The first step to dealing with anxiety is to determine if it is a signal or noise. If you have determined that your irrational beliefs are supporting anxiety or depression, there are different systems to address this. Today, let’s review Albert Ellis’s ABC system of cognitive behavior therapy (CBT) to help you or your child change those irrational beliefs.
- Activating Event
A stands for activating event or What happened? Often when someone is anxious they notice the feeling of anxiety first. Sometimes they notice something that happened that they believe caused the anxiety. This is the activating event. But what happened is not the cause of anxiety. The cause of the anxiety is the belief.
B stands for belief. What is your belief or self-talk about what happened? The same activating event can lead to different feelings depending on what we tell ourselves about the event.
C stands for consequence. What is the consequence of your belief or What are you feeling? In this case we are talking about anxiety as the consequence.
Change Thoughts to Change Feelings
The theory behind this is that in order to change your feeling you must change your thinking or what you say to yourself. Sometimes when children or adults are anxious they know their self-talk is supporting their anxiety or depression. Other times it is just below consciousness. The self-talk gives the person clues to the beliefs that support anxiety.
Beliefs that Support Anxiety
There are common beliefs that support anxiety in teenagers and adults.

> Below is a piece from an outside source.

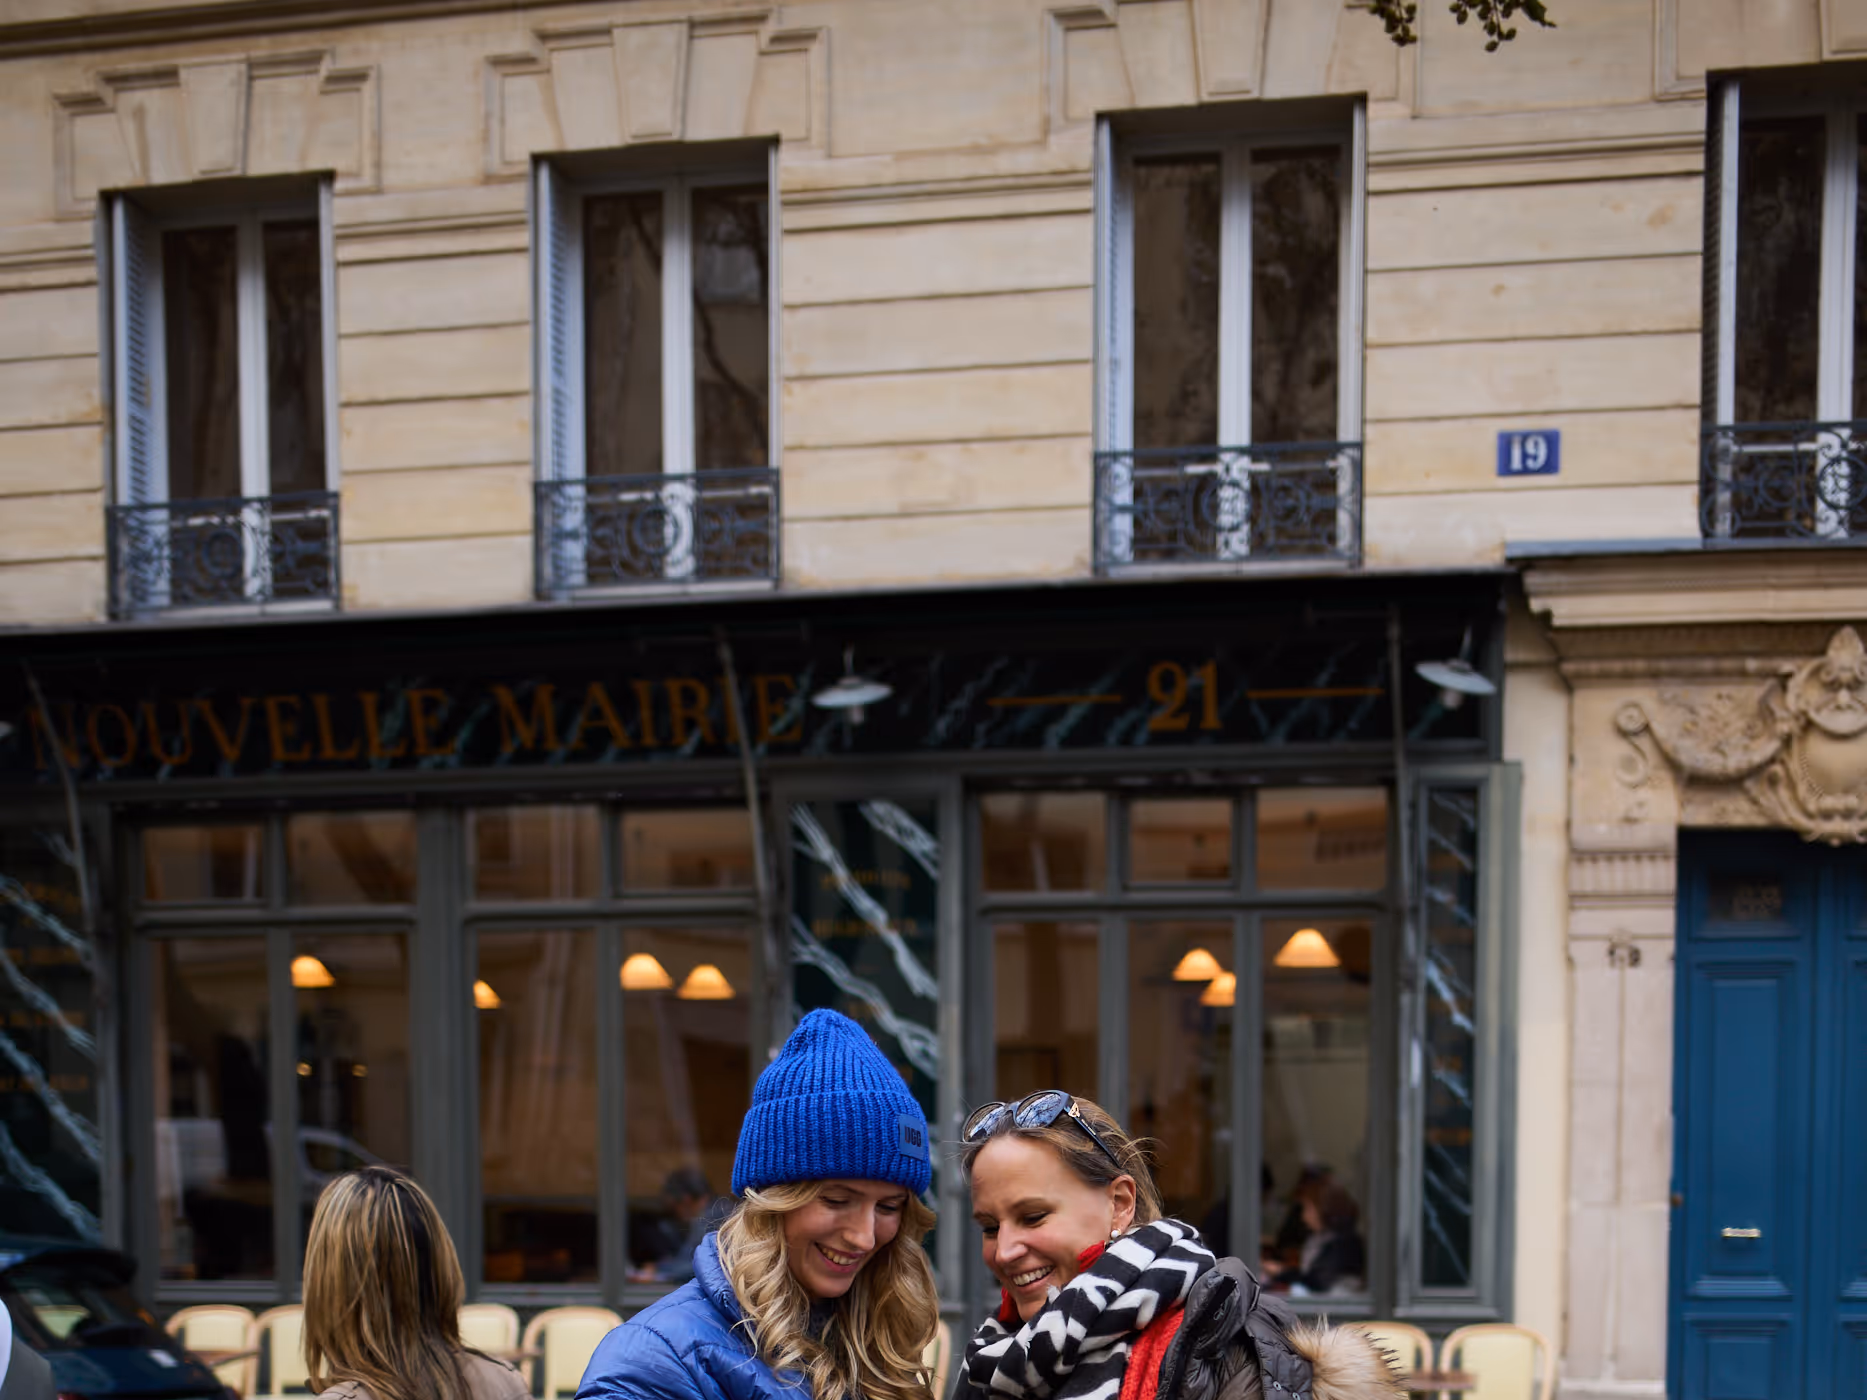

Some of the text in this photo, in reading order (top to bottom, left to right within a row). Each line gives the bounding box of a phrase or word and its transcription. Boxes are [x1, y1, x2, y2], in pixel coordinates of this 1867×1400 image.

Once you have determined the self-talk that is supporting the anxiety, the next step is to come up with counter-thoughts. Here are some examples of counter-thoughts:
- Everyone must like me or I am a failure.
Counter-thoughts: Some people will like me and some will not, that is ok.
I connect with some people better than others and some people connect with me and some do not.
- I need to be perfect.
Counter-thoughts: No one is perfect. I will do my best and that is enough.
- If I make a mistake, no one will like me and I will go through life alone and lonely.
Counter-thoughts: It is human to make mistakes. Often vulnerabilities help us connect to other people.
If your child has anxiety, first help him or her determine if it is a signal of a problem to solve or noise to disregard. Second, help your child determine which self-talk and beliefs that are supporting anxiety. Third, help the child identify counter-thoughts. There are multiple books that may help you conquer this. Other times a professional mental health counselor is needed or, in more severe cases, medication.